Though Advisory Snacks Return to Westridge, COVID Protocols Remain the Same

Advisory snacks have been allowed once again by the Westridge COVID-19 Team after being put on hold because of eating restrictions and safety protocols.

Although students have been allowed to bring food from home for their own lunches and snacks since the beginning of the school year, sharing advisory snacks has just been permitted. On September 3rd, Gary Baldwin, Upper School Director and member of the Westridge COVID-19 Team, sent out an email to Upper School Deans informing them of the change. The deans then relayed the message to advisors in late September who then informed their advisees in early October.  

“The broader context of eating at Westridge was a series of gradual decisions that at one point triggered, ‘Alright, let’s let the advisory have snacks,’” said Baldwin.

The new advisory snacks allowance follows the protocols issued by the Pasadena Department of Public Health. The COVID-19 Team—comprised of Head of School Elizabeth McGregor, Director of Lower and Middle School Dr. Zanita Kelly, Director of Upper School Gary Baldwin, Director of Dining Services Brandon Worrell, Chief Finance and Operations Officer Kendis Heffley, and other members—meets every other week to discuss COVID-related topics, ranging from the testing cadence to managing off-campus visitors at Westridge sports games.

Although students are now allowed to share snacks with their advisors, the eating regulations at Westridge have not changed. Students are still required to eat outside whenever possible, with the exception of rainy days. “We’re trying to keep everyone outside when they’re eating,” said Brittany Coker, Director of Upper School Activities. “Just so students are not in an enclosed small space together as they take off their masks and eat.”

However, there is some confusion about the current safety protocols as some advisories have been sharing food indoors. “Oh, I didn’t know we had to eat outside,” said Emma T. ’23. 

Andrew Zhou, Upper School math teacher and advisor, has advisory in the Fish Room. “I guess the Fish Room is special,” said Zhou. “If we have the doors wide open, it’s similar to eating outside. But I did not check with [Mr. Baldwin].” As the tables outside the Fish Room have been occupied by other advisors, Zhou’s advisees have been eating indoors with all the windows and doors open. In addition to having a well-ventilated room, he has also taken his number of advisees into consideration: there is enough space in the Fish Room for his eight advisees to be safely distanced while eating. 

“I don’t mind my students taking a drink or putting a piece of candy in their mouths and then putting their masks back on. But if they’re eating something a little bit more substantial, then it should definitely be taken outside just in terms of social distancing and all that kind of stuff,” said Michelle Amos, Upper School Chemistry teacher. Her advisory has always shared snacks outside.
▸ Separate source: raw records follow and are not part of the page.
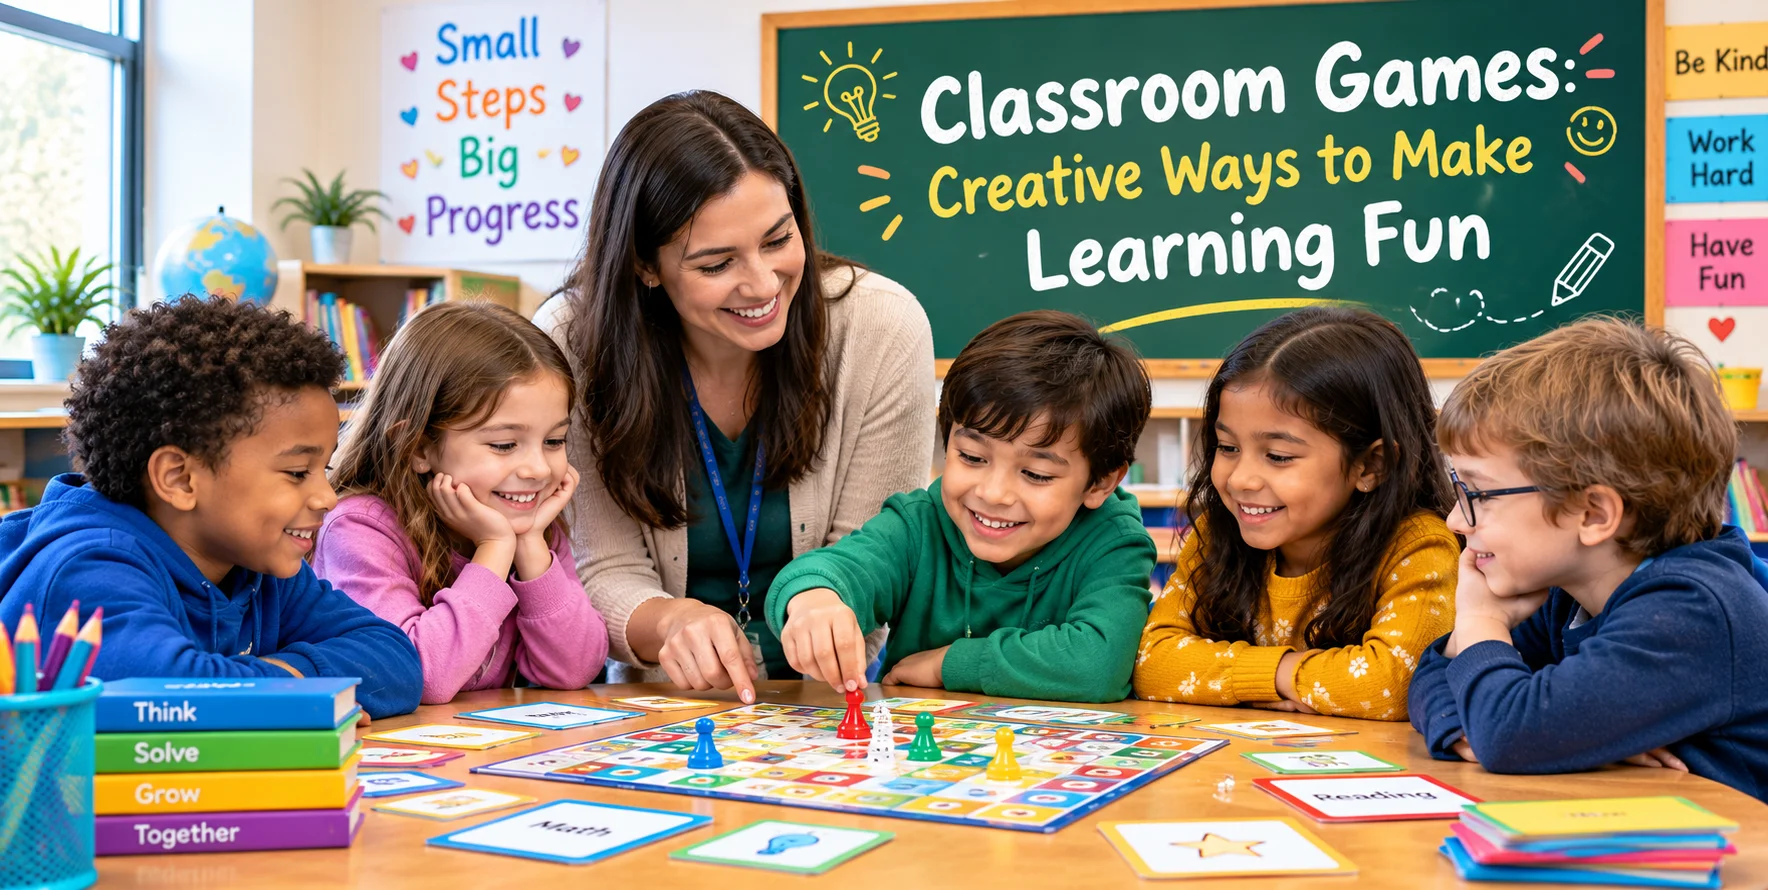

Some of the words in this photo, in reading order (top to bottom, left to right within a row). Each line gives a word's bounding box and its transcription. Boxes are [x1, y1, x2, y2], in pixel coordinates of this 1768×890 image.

[437, 16, 540, 65] Small
[1675, 50, 1705, 75] Be
[1715, 46, 1768, 73] Kind
[437, 80, 545, 129] Steps
[921, 66, 1285, 144] Classroom
[1316, 41, 1575, 112] Games:
[1688, 128, 1755, 154] Work
[460, 136, 518, 189] Big
[929, 155, 1142, 218] Creative
[1161, 142, 1299, 205] Ways
[1317, 135, 1371, 184] to
[1393, 124, 1533, 180] Make
[1691, 161, 1754, 187] Hard
[428, 196, 578, 245] Progress
[1027, 212, 1334, 291] Learning
[1364, 201, 1489, 266] Fun
[1691, 233, 1754, 257] Have
[1700, 266, 1745, 290] Fun
[134, 702, 195, 721] Think
[135, 742, 199, 763] Solve
[135, 783, 200, 804] Grow
[1313, 791, 1437, 801] Reading
[135, 822, 239, 848] Together
[530, 820, 613, 837] Math
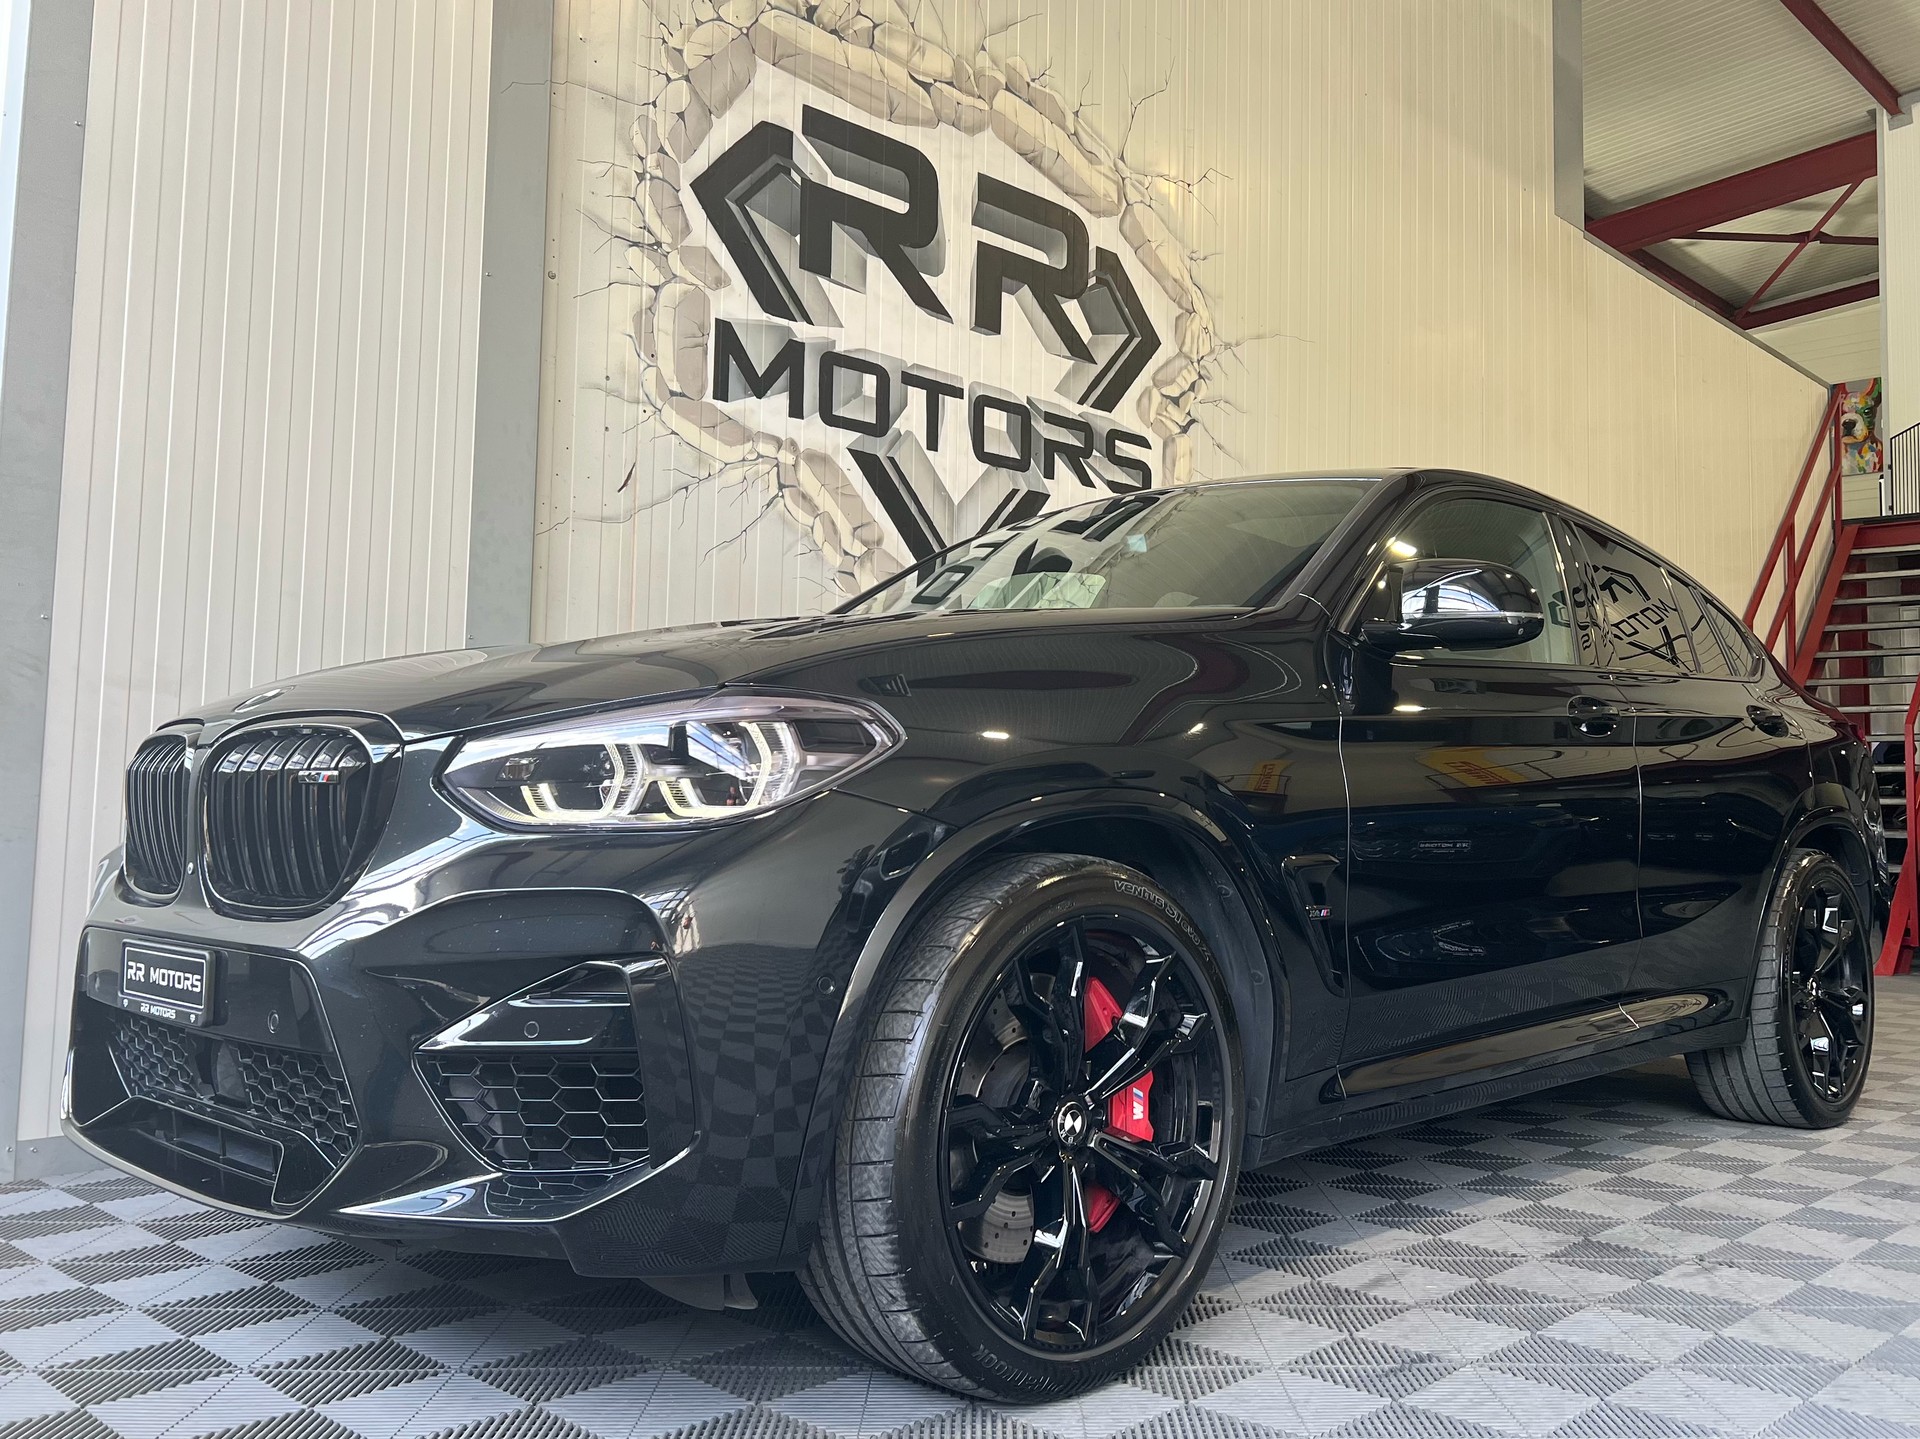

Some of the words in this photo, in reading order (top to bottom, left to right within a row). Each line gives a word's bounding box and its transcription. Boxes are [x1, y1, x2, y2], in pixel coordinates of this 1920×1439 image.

[799, 104, 1096, 365] RR
[713, 317, 1152, 494] MOTORS
[128, 961, 145, 982] RR
[149, 967, 202, 992] MOTORS
[141, 1003, 150, 1013] RR
[150, 1006, 176, 1019] MOTORS
However, now that snacks are officially allowed, Amos has been bringing homemade baked goods: harvest apple cake and hedgehog slice, a classic Australian chocolate cookie slice. 

Students have been eager to share snacks with their advisories once again. 

“Advisory allows us to share new types of snacks. Everyone gets to try new things. In short, food brings people together,” said Emily Z. ’25. Unlike most other advisories, her advisor, Upper School English teacher Max Duncan, has been the one bringing snacks. They have had chocolate mouse bunny pastries from a bakery in Los Angeles and granola bites. 

Anna F. ’23 brought homemade cookies for her advisory. “I think food is a great therapy because it’s comforting, and we can just eat your heart out,” she said. 

An advisory’s snack rotation pinned on a classroom wall. (Jessica W.)

Some students would rather not bring snacks. “They prefer bringing the snacks they buy from the Commons right before to our meetings,” said Fang-Yu Hull, Middle and Upper School Mandarin teacher. 

To make sure there are snacks present at every advisory meeting, many advisories have created Google Forms and sign-up sheets for each advisory rotation. “We usually have a list, and we would just remind each other to bring snacks the day before,” said Aya R. ’23. 

Some advisories, though excited to be able to bring snacks again, have not started due to lack of interest, organization, or just in an abundance of caution. “We don’t have snacks because my advisor hasn’t set it up yet, and, since no one is talking about it, I don’t want to be the first to bring it up,” said Crystal Z. ’23.